• **Your goal**
Please retype the data in full and exactly; the pictures are not part of the copy.

• **Source material**
------------------------------------------------

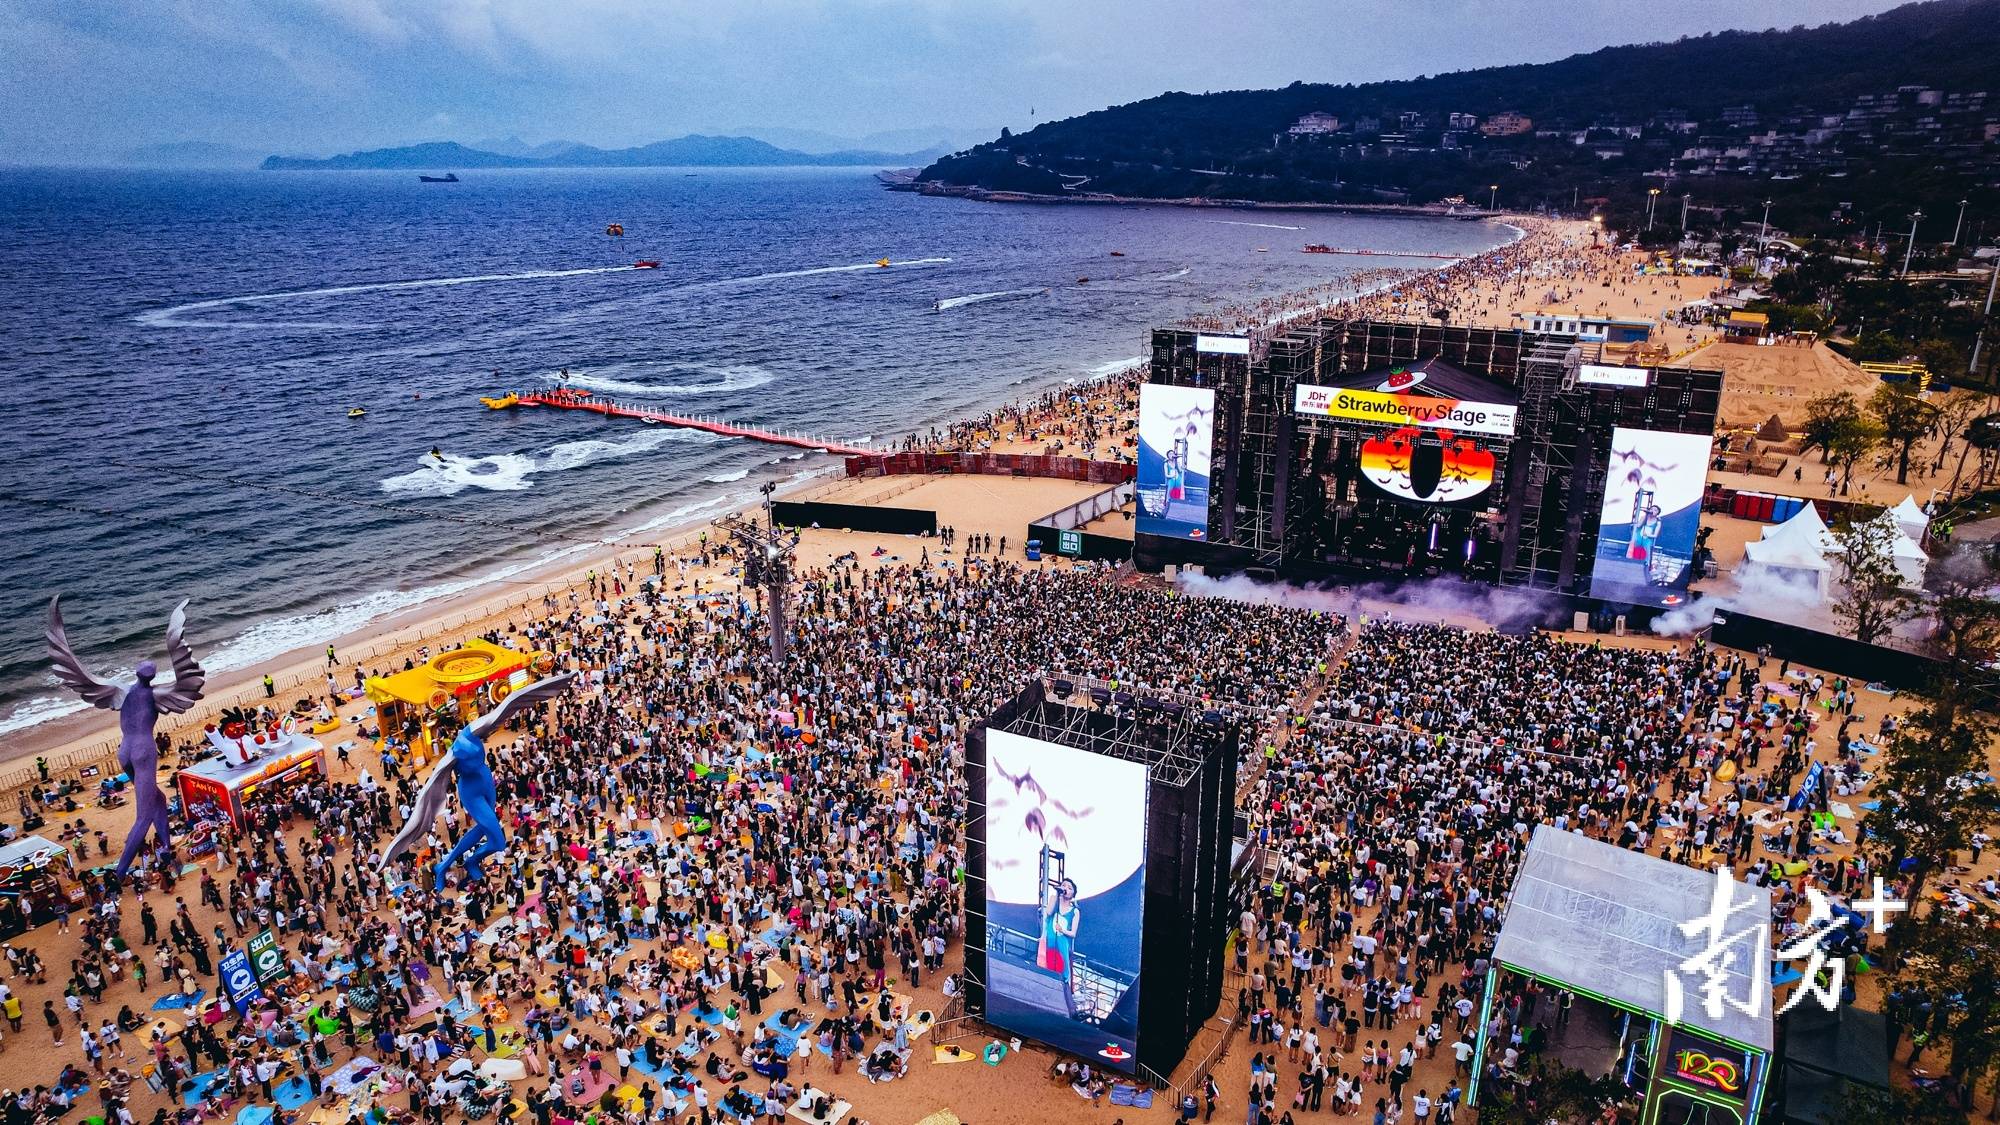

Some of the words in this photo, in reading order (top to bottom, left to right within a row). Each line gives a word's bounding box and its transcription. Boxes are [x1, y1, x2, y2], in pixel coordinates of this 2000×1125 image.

[1338, 394, 1432, 422] Strawberry
[1435, 404, 1486, 426] Stage
[1062, 541, 1077, 551] 出口
[251, 931, 274, 953] 出口
[221, 951, 245, 971] 卫生间
[227, 961, 244, 973] TOILET
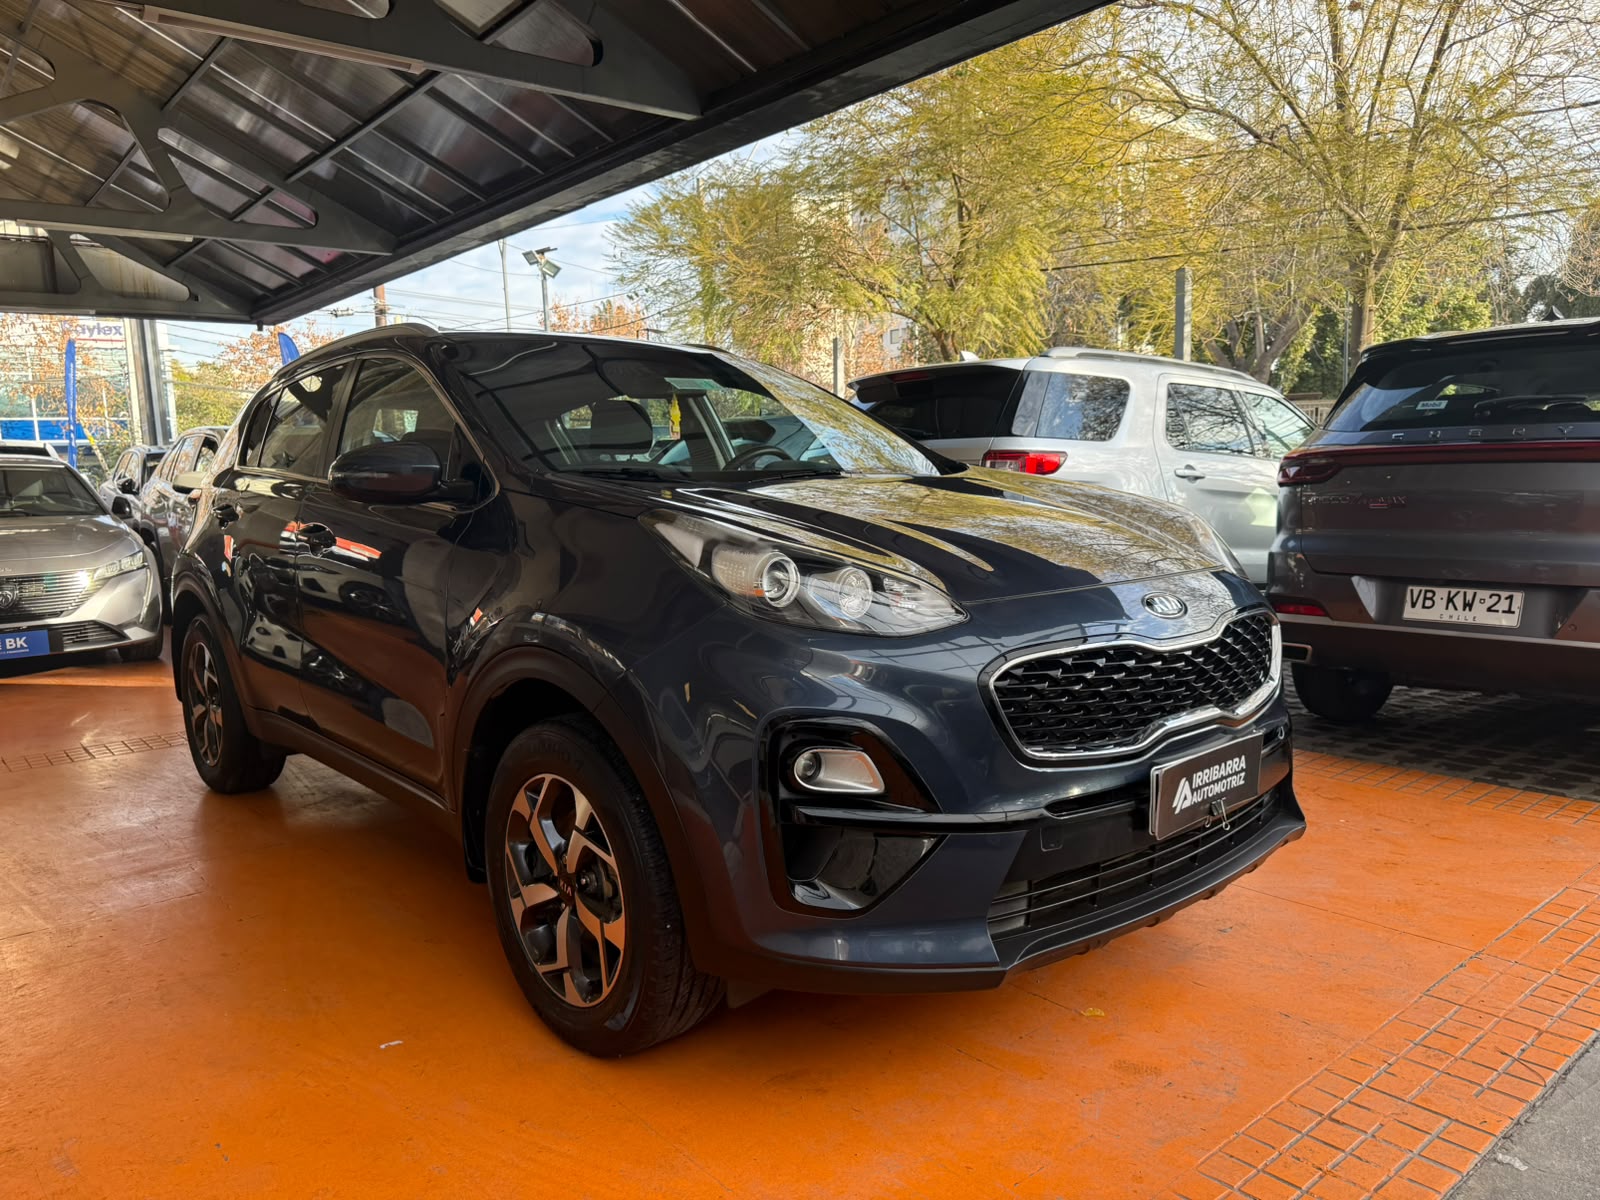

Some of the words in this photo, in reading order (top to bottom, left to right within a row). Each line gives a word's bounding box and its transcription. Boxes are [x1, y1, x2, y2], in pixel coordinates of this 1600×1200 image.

[1440, 613, 1477, 622] CHILE
[5, 636, 29, 650] BK
[1192, 754, 1247, 789] IRRIBARRA
[1191, 771, 1246, 805] AUTOMOTRIZ
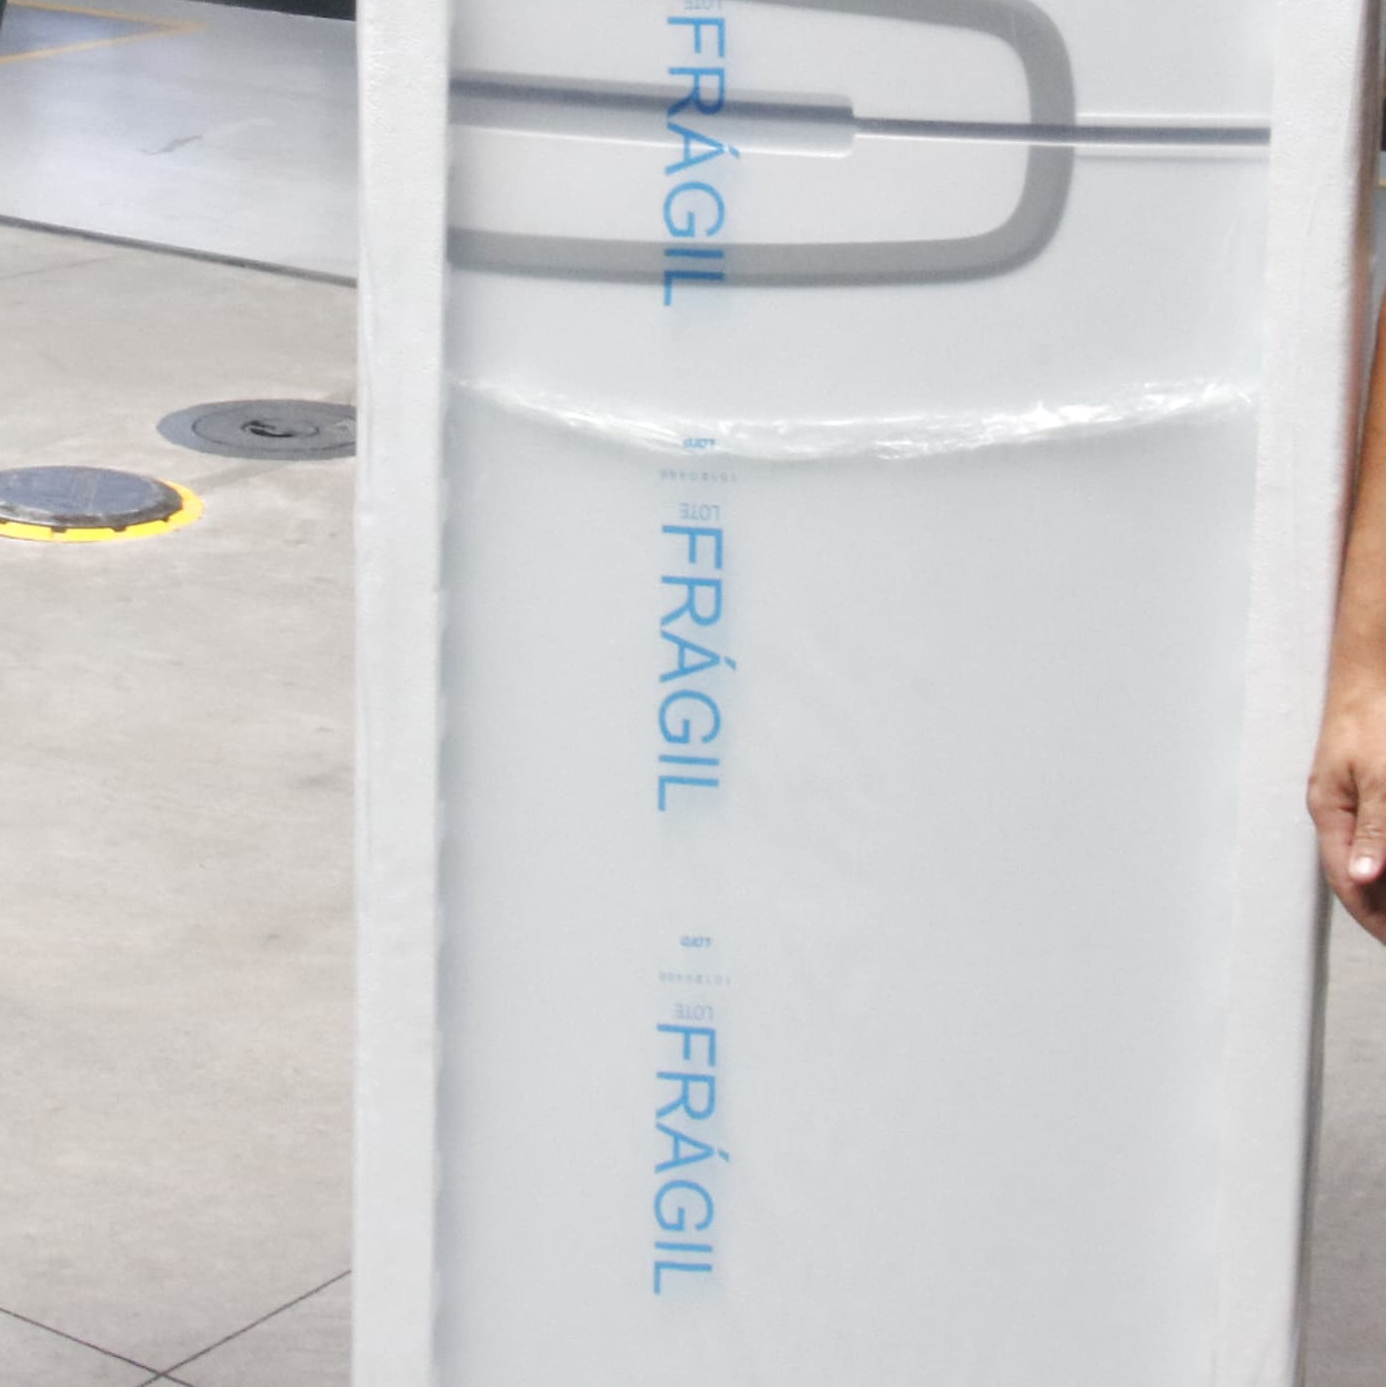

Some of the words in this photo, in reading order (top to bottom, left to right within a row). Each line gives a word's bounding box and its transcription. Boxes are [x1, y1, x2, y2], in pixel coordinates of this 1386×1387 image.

------------------------------------------------

• **Completed task**
Some of the words in this photo, in reading order (top to bottom, left to right within a row). Each line gives a word's bounding box and its transcription. Boxes are [x1, y1, x2, y2], in pixel coordinates of this 2000×1125 image.

[1338, 394, 1432, 422] Strawberry
[1435, 404, 1486, 426] Stage
[1062, 541, 1077, 551] 出口
[251, 931, 274, 953] 出口
[221, 951, 245, 971] 卫生间
[227, 961, 244, 973] TOILET

Some of the words in this photo, in reading order (top to bottom, left to right within a row). Each line gives a word's bounding box and its transcription. Boxes are [x1, y1, x2, y2], in pixel coordinates of this 1600×1200 image.

[1440, 613, 1477, 622] CHILE
[5, 636, 29, 650] BK
[1192, 754, 1247, 789] IRRIBARRA
[1191, 771, 1246, 805] AUTOMOTRIZ

Some of the words in this photo, in reading order (top to bottom, left to right within a row). Each line gives a word's bounding box and its transcription. Boxes are [x1, y1, x2, y2], in pixel coordinates of this 1386×1387 image.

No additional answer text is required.